Squeeze-and-excitation residual network (SqueezeNet) is a DNN framework that can obtain accuracy similar to AlexNet on ImageNet with 50 times fewer parameters. Furthermore, the compression techniques can reduce the size to less than 0.5 MB which is 510 times smaller than (AlexNet) (Iandola et al., 2016). The ResNeXt and squeeze-and-excitation network (SENet) are combined to form the SE-ResNeXt, which this research uses for nodule categorization. A highly modular design network for classification tasks is called ResNeXt. It differs from ResNet in that it includes the idea of “attribute values,” which is crucial to the classification process. It is common knowledge that a deep neural network’s depth and width significantly affect its ability to represent information. The deterioration issue will, however, become apparent as the network grows deeper or wider and the disappearing completely gradients problem is shown. The depth and width may begin to provide declining returns in this situation. Luckily, the ResNeXt successfully avoids this issue and investigates an effective strategy for raising classification accuracy, namely, raising cardinality (see Figs. 3, 4).

The ResNeXt model enhances feature learning by increasing cardinality (independent paths within blocks), as inspired by Iandola et al. (2016), improving the model’s ability to capture diverse features efficiently.

Figure 3: The ResNeXt model enhances feature learning by increasing cardinality (independent paths within blocks), as inspired by Iandola et al. (2016), improving the model’s ability to capture diverse features efficiently.

SENet module inspired by Gu et al. (2019).

Figure 4: SENet module inspired by Gu et al. (2019).

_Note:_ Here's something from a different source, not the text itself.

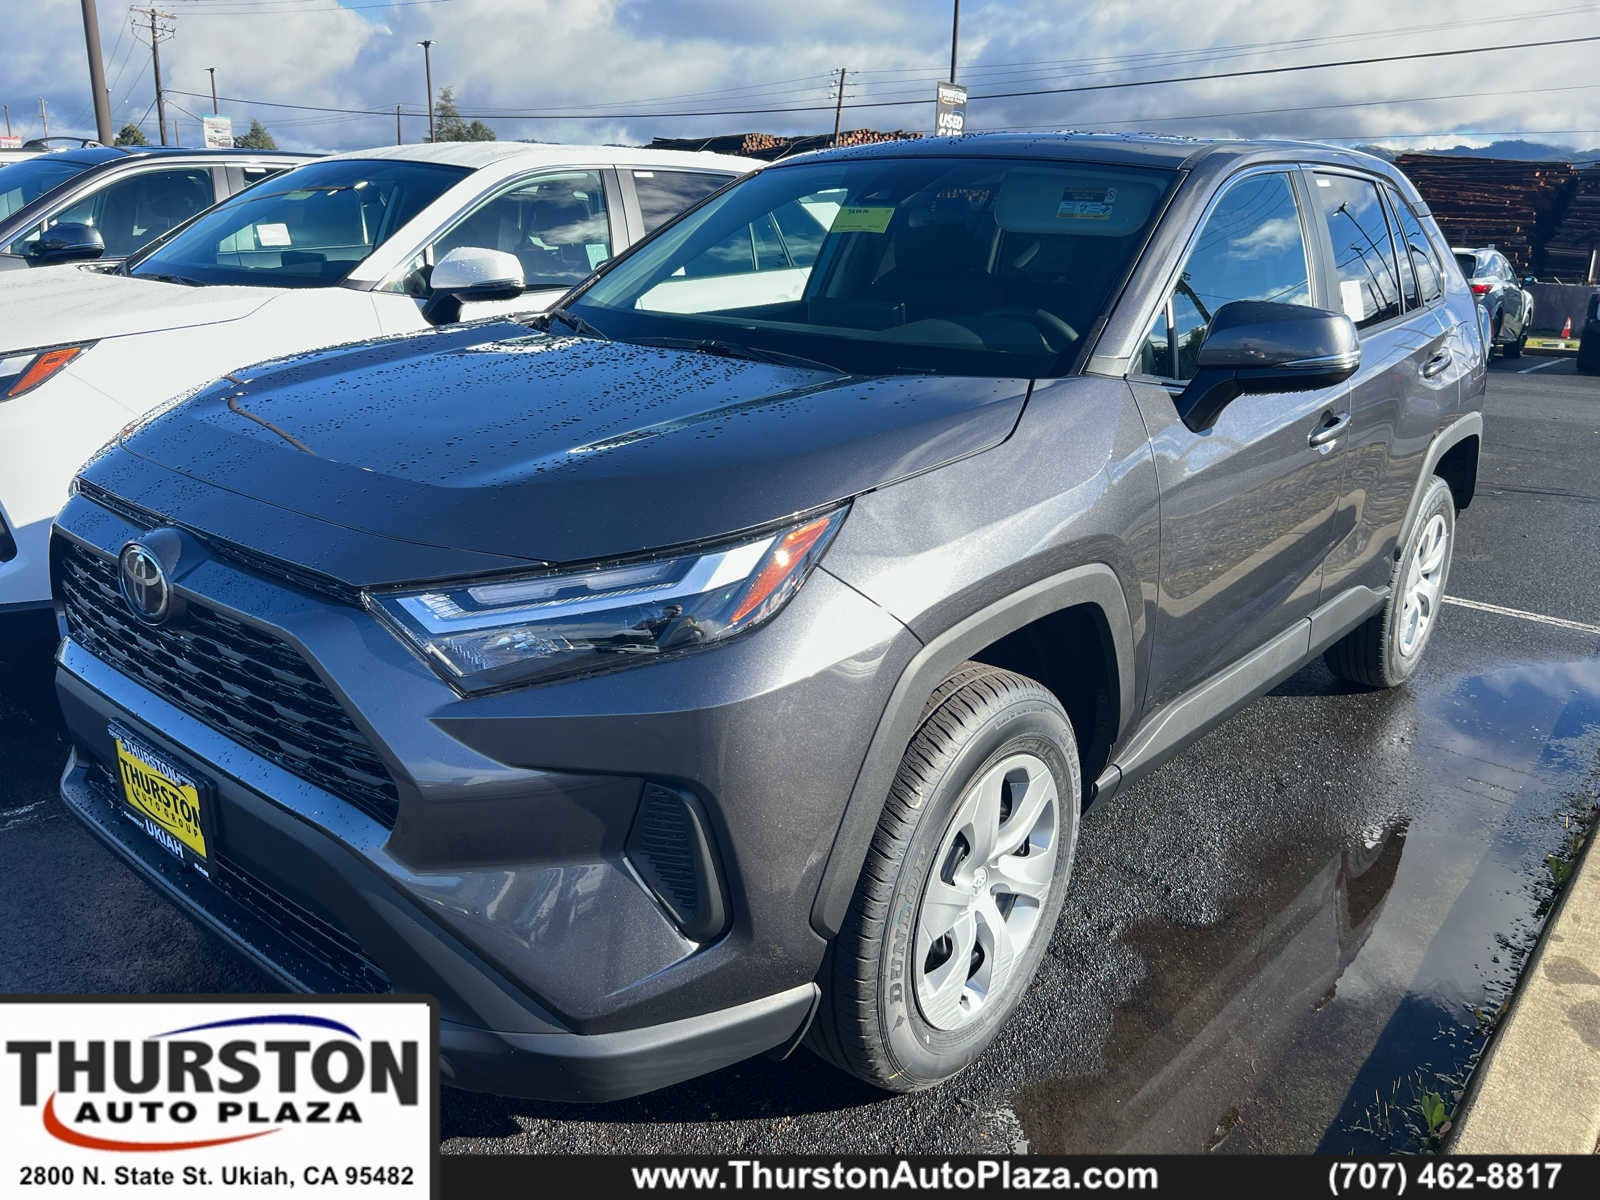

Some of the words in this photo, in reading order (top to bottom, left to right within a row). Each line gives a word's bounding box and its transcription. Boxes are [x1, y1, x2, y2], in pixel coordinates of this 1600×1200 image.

The excitation procedure is used to effectively capture channel-wise connections and utilize the aggregated data from the squeeze process. This is achieved through a gating system, as explained in Eq. (1).

S=FEX(Z,W)=α(W2δ(W1Z)).

It is more efficient to design the deep network to increase the feature discrimination ability of lung nodules thanks to the 3D SE-ResNeXt component. Additionally, it incorporates the benefits of feature recycling by choosing to boost informative nodule traits and repressing fewer effective ones. As a result, the 3D SE-ResNeXt employed is trustworthy and efficient at automatically acquiring high discriminant information to classify AD and NC from MRI images (Gu et al., 2019).

Layer of convolutions

The convolutional layer is the most important part of the DL CNN and the main building block. It is in charge of the process of extracting features and also makes feature maps. The convolutional is based on a static quantity of filters that detects the s attribute and pulls out the features by combining the filters and input image. During training, each filter finds low-level attributes like colors, boundaries, blobs, and angles in the analyzed images.

Pooling layer

After the convolutional layers, there are the pooling layers (Conv). The sub-samples in a layer are in charge of making the feature maps used to make the convolutional layers smaller. Max pooling decreases the attribute maps by removing the small part of the pictures with the highest value. This prevents overfitting by summarizing the parts of the image that represent it. It also minimizes the parameters, which lowers the amount of work that needs to be done on the computer. Pooling is also another name for the average pooling layer. This layer works like max pooling, but instead of taking the maximum value, it calculates the averages of two-by-two rectangles to make a subsampled image.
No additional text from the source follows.